| RECORDS FOR THIS EXERCISE |

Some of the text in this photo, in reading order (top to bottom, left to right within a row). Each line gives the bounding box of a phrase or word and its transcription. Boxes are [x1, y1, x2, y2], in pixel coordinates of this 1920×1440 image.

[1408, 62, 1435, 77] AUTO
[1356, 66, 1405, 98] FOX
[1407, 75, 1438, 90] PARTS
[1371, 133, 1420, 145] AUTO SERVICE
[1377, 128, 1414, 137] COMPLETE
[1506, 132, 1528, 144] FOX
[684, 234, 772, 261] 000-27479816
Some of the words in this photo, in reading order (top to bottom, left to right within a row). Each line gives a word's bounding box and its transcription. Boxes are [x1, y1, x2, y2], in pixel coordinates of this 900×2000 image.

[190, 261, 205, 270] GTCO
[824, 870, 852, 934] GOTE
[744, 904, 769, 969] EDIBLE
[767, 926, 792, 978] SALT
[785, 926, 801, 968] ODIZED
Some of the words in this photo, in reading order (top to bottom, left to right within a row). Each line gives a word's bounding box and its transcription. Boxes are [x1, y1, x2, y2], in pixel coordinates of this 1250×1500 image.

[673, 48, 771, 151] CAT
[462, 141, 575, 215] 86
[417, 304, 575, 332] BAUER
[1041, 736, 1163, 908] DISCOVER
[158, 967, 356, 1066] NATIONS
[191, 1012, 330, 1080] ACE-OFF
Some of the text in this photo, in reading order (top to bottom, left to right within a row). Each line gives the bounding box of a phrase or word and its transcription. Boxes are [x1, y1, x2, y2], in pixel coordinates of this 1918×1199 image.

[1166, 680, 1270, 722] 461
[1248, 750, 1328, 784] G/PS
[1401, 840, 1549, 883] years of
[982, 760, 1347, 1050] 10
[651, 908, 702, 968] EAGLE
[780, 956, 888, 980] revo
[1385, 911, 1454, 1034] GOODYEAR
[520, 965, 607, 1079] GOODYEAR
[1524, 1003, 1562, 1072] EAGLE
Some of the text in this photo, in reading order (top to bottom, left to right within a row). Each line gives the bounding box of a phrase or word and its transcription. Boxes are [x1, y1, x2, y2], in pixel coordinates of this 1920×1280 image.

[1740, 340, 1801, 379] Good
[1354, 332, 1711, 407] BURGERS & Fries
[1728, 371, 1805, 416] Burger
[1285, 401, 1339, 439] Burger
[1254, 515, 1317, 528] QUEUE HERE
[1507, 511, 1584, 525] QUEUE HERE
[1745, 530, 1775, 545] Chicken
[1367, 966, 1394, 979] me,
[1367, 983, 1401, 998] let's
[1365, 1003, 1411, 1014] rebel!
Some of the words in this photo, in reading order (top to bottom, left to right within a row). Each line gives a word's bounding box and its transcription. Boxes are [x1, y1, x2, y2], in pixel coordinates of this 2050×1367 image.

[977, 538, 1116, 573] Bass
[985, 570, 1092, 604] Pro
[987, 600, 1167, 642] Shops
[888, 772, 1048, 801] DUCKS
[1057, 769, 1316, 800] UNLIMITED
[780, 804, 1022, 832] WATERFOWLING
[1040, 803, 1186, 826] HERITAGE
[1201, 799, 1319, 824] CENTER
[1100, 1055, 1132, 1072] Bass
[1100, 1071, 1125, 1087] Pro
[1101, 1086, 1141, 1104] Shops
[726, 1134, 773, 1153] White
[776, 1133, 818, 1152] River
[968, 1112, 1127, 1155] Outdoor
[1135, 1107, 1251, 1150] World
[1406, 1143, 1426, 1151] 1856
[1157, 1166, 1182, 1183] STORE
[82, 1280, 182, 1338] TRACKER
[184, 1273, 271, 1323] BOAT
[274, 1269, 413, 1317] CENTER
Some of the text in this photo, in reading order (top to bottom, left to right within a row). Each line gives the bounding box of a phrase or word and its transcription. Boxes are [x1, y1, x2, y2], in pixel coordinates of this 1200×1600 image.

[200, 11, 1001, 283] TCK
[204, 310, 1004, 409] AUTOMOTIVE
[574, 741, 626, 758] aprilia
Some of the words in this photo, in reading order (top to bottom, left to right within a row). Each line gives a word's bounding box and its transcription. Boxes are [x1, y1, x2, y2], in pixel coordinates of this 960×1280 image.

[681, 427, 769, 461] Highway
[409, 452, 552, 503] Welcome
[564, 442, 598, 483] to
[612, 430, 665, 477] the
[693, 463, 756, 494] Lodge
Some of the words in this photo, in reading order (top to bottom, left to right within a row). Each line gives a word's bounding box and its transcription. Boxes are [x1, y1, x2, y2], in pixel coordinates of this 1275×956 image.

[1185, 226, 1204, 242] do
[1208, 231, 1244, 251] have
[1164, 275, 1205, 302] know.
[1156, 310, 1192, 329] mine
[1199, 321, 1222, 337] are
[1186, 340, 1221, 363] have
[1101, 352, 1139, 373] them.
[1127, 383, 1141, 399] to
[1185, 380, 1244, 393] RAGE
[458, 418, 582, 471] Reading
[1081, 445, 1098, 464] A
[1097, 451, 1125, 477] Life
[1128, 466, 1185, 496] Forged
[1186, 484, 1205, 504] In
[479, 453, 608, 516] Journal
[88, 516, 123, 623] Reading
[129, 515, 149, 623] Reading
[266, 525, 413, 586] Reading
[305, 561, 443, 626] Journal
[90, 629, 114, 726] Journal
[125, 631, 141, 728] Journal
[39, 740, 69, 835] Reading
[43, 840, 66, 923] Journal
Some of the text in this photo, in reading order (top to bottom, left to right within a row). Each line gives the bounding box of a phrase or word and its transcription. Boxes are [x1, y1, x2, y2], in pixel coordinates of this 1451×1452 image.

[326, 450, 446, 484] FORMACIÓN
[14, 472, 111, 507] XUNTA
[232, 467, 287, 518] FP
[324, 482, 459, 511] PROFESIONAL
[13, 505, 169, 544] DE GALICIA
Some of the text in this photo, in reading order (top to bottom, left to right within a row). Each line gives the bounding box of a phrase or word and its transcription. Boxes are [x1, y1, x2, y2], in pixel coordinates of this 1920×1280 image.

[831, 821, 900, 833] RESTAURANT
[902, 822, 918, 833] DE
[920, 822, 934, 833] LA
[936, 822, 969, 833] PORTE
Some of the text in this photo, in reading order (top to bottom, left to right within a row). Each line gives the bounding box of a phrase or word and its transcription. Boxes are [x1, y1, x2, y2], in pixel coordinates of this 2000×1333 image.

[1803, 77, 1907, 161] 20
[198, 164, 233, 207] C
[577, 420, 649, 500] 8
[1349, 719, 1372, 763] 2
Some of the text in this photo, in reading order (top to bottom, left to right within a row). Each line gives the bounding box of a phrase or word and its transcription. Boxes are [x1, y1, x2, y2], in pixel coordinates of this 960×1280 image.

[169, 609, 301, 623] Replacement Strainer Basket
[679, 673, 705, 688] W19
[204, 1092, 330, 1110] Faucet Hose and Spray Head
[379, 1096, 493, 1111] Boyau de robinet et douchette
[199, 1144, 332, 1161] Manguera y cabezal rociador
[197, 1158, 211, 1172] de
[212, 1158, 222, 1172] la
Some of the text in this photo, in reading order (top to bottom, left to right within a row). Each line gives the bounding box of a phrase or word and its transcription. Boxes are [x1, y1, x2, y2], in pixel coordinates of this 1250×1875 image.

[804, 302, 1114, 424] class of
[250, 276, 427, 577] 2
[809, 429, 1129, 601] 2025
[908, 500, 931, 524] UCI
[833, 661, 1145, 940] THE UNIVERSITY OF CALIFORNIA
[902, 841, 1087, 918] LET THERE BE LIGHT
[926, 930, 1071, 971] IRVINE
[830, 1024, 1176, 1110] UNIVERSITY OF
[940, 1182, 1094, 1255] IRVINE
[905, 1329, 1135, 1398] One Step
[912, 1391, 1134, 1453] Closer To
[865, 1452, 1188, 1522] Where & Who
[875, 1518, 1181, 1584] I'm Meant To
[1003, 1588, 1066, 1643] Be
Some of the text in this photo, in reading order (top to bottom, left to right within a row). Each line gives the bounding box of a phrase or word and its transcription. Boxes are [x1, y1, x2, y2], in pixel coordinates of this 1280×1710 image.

| WORK ORDER |
Print each line, starting with the one that contains "this 1250×1875 image." and ending with the last line of the data, exactly as it stands and with no other lines.

| ANSWER FOR THE TASK |
Some of the text in this photo, in reading order (top to bottom, left to right within a row). Each line gives the bounding box of a phrase or word and its transcription. Boxes are [x1, y1, x2, y2], in pixel coordinates of this 1250×1875 image.

[804, 302, 1114, 424] class of
[250, 276, 427, 577] 2
[809, 429, 1129, 601] 2025
[908, 500, 931, 524] UCI
[833, 661, 1145, 940] THE UNIVERSITY OF CALIFORNIA
[902, 841, 1087, 918] LET THERE BE LIGHT
[926, 930, 1071, 971] IRVINE
[830, 1024, 1176, 1110] UNIVERSITY OF
[940, 1182, 1094, 1255] IRVINE
[905, 1329, 1135, 1398] One Step
[912, 1391, 1134, 1453] Closer To
[865, 1452, 1188, 1522] Where & Who
[875, 1518, 1181, 1584] I'm Meant To
[1003, 1588, 1066, 1643] Be
Some of the text in this photo, in reading order (top to bottom, left to right within a row). Each line gives the bounding box of a phrase or word and its transcription. Boxes are [x1, y1, x2, y2], in pixel coordinates of this 1280×1710 image.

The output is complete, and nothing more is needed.